Without the pictures, output the records below word for word.

START Source material

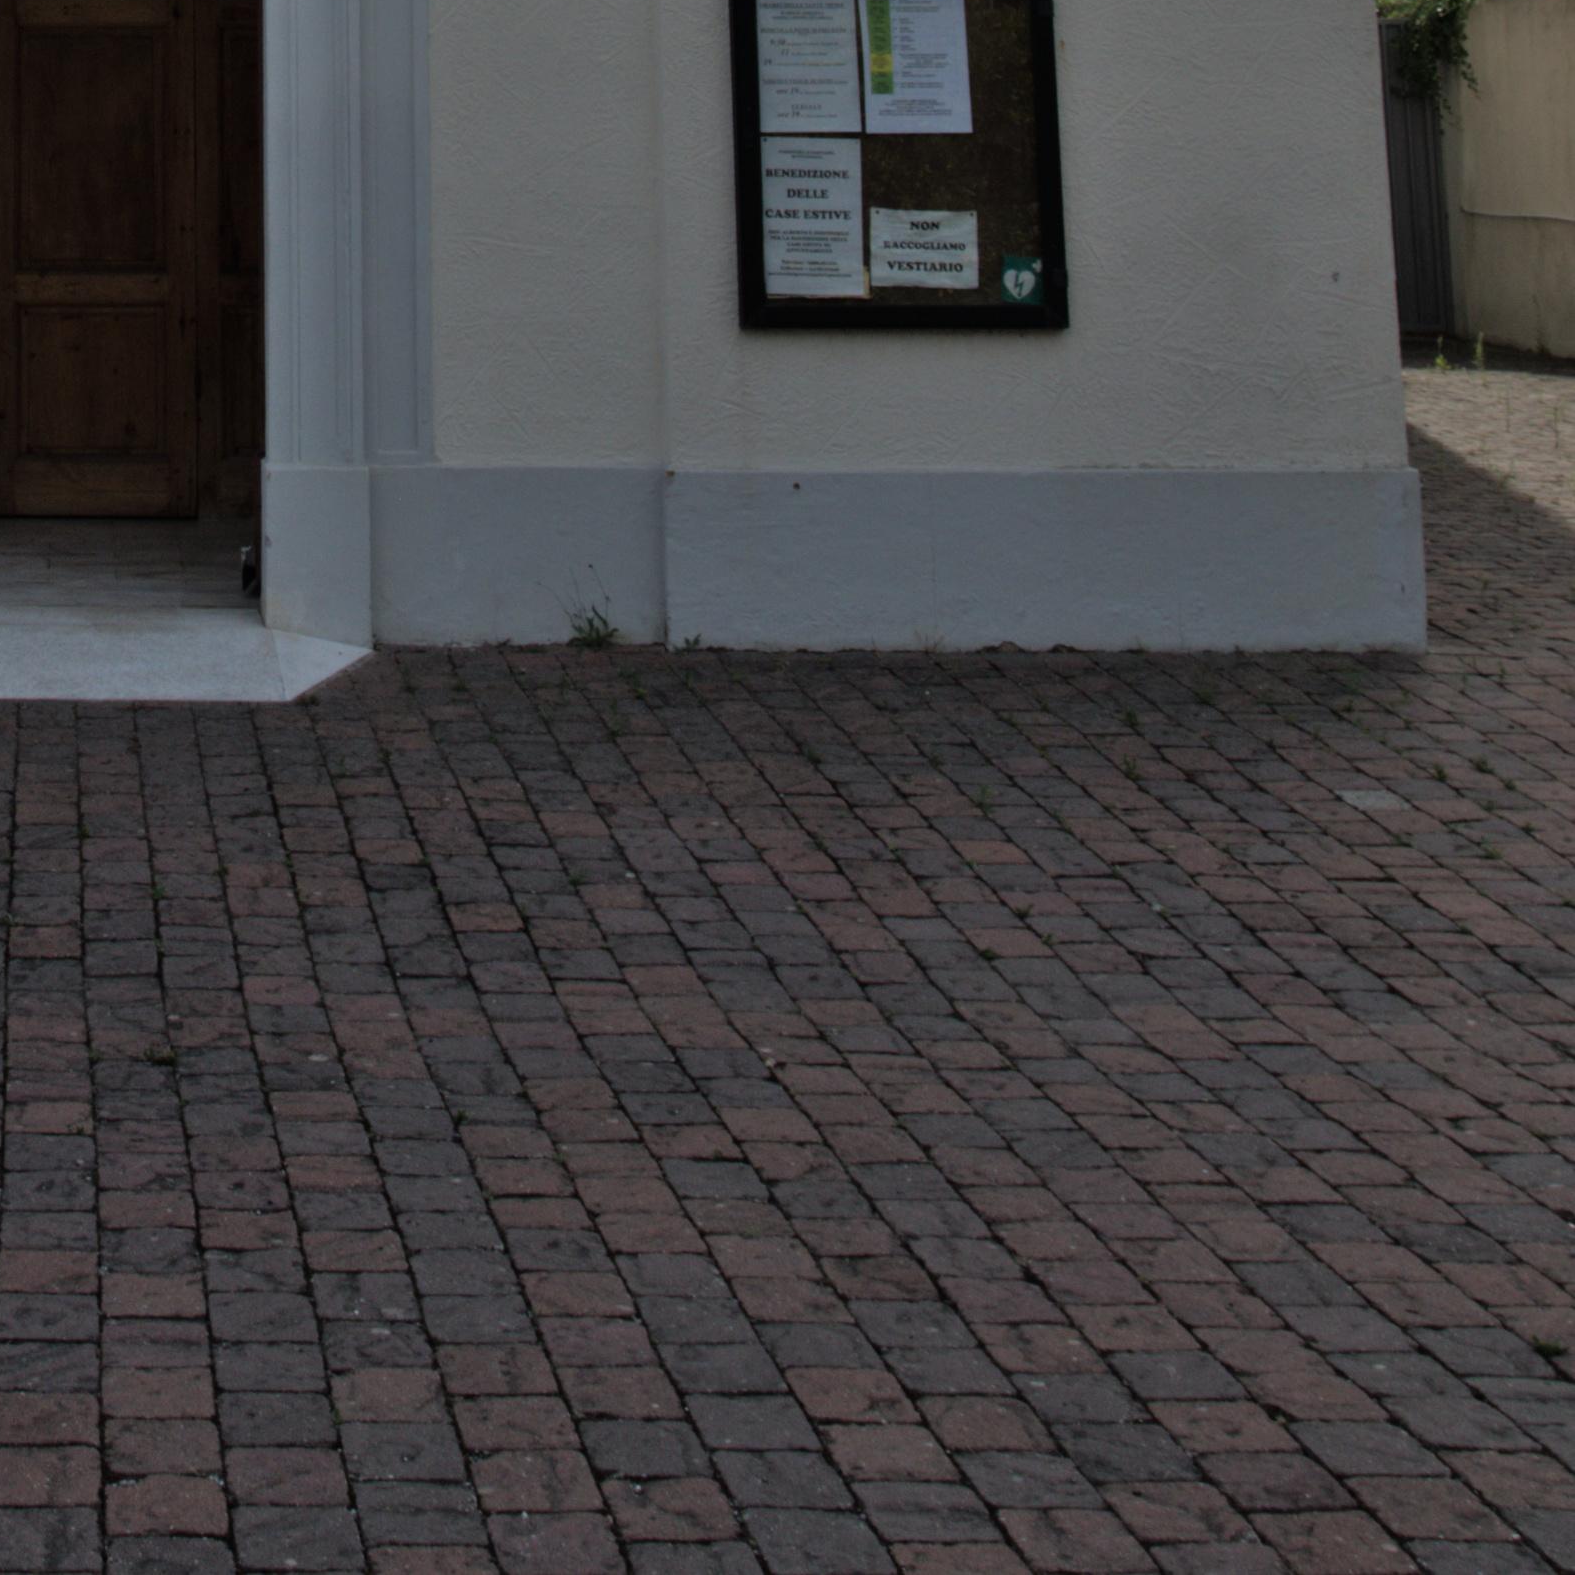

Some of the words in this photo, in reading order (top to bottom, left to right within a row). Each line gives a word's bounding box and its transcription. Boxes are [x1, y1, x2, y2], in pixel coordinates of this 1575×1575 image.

[765, 168, 850, 179] BENEDIZIONE
[786, 188, 829, 199] DELLE
[765, 208, 801, 219] CASE
[803, 209, 852, 220] ESTIVE
[909, 220, 940, 231] NON
[882, 240, 967, 251] RACCOGLIAMO
[886, 260, 964, 273] VESTIARIO
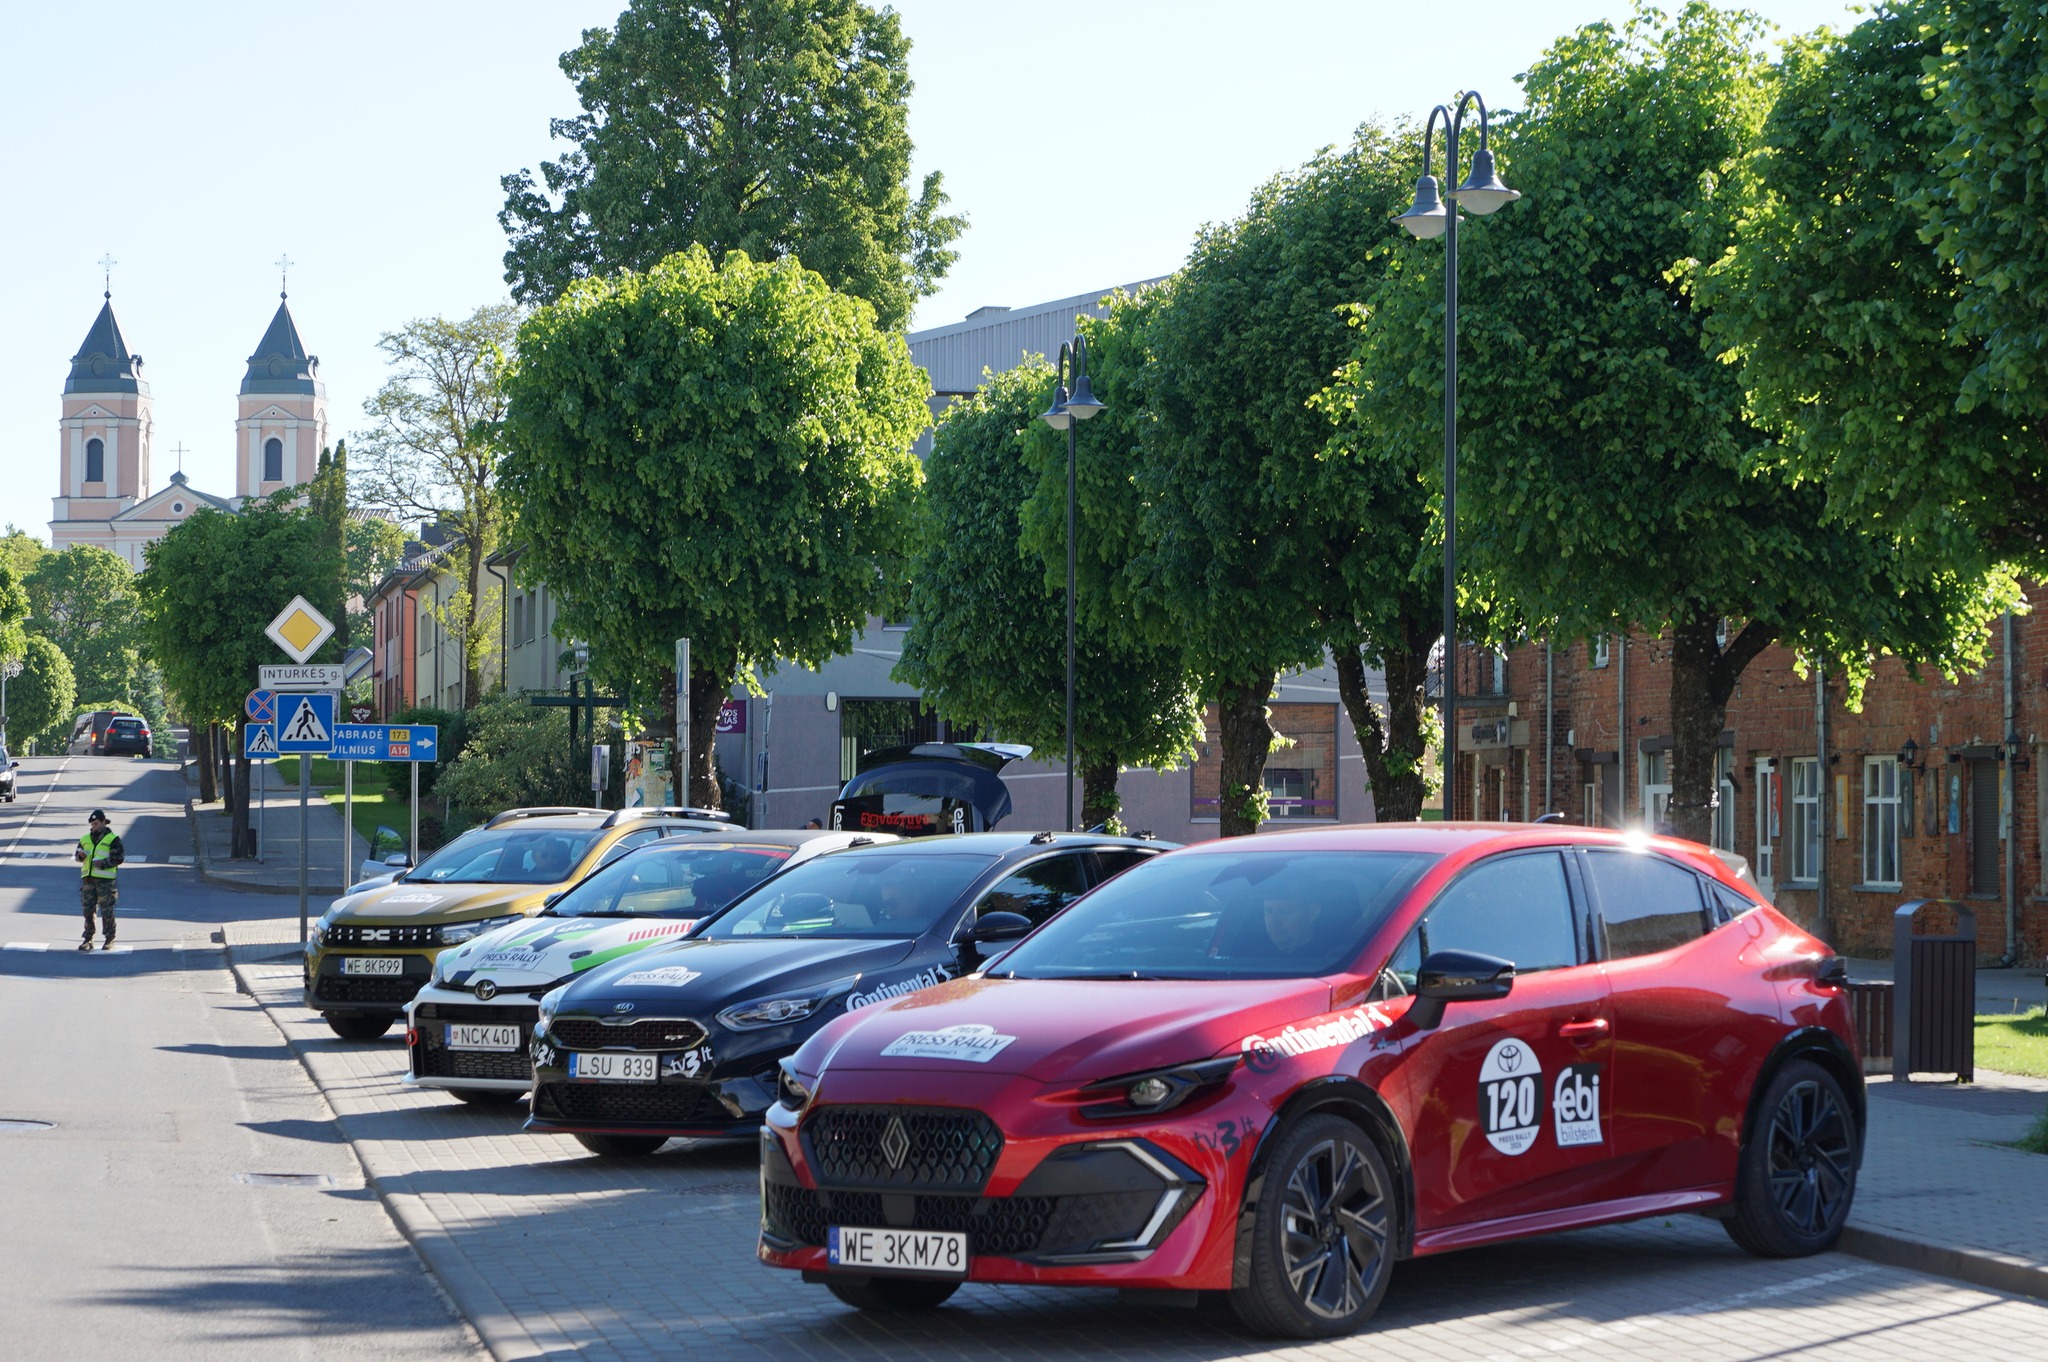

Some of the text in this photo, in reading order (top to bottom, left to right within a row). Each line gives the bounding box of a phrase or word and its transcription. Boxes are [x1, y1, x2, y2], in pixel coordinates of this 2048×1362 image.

[263, 667, 341, 681] INTURKĖS g.
[333, 728, 408, 740] PABRADĖ 173
[333, 745, 409, 755] VILNIUS A14
[480, 952, 541, 963] PRESS RALLY
[346, 959, 400, 973] WE 8KR99
[615, 1003, 631, 1011] KIA
[460, 1027, 516, 1046] NCK 401
[896, 1034, 1006, 1050] PRESS RALLY
[1241, 1005, 1375, 1075] Continental
[578, 1056, 612, 1076] LSU
[622, 1058, 654, 1078] 839
[1552, 1066, 1600, 1122] febi
[1487, 1076, 1536, 1132] 120
[1498, 1132, 1531, 1144] PRESS RALLY
[1561, 1124, 1598, 1142] bilstein
[830, 1231, 960, 1267] PL WE 3KM78

END Source material

## Written reply
Some of the words in this photo, in reading order (top to bottom, left to right within a row). Each line gives a word's bounding box and its transcription. Boxes are [x1, y1, x2, y2], in pixel coordinates of this 1575×1575 image.

[765, 168, 850, 179] BENEDIZIONE
[786, 188, 829, 199] DELLE
[765, 208, 801, 219] CASE
[803, 209, 852, 220] ESTIVE
[909, 220, 940, 231] NON
[882, 240, 967, 251] RACCOGLIAMO
[886, 260, 964, 273] VESTIARIO

Some of the text in this photo, in reading order (top to bottom, left to right within a row). Each line gives the bounding box of a phrase or word and its transcription. Boxes are [x1, y1, x2, y2], in pixel coordinates of this 2048×1362 image.

[263, 667, 341, 681] INTURKĖS g.
[333, 728, 408, 740] PABRADĖ 173
[333, 745, 409, 755] VILNIUS A14
[480, 952, 541, 963] PRESS RALLY
[346, 959, 400, 973] WE 8KR99
[615, 1003, 631, 1011] KIA
[460, 1027, 516, 1046] NCK 401
[896, 1034, 1006, 1050] PRESS RALLY
[1241, 1005, 1375, 1075] Continental
[578, 1056, 612, 1076] LSU
[622, 1058, 654, 1078] 839
[1552, 1066, 1600, 1122] febi
[1487, 1076, 1536, 1132] 120
[1498, 1132, 1531, 1144] PRESS RALLY
[1561, 1124, 1598, 1142] bilstein
[830, 1231, 960, 1267] PL WE 3KM78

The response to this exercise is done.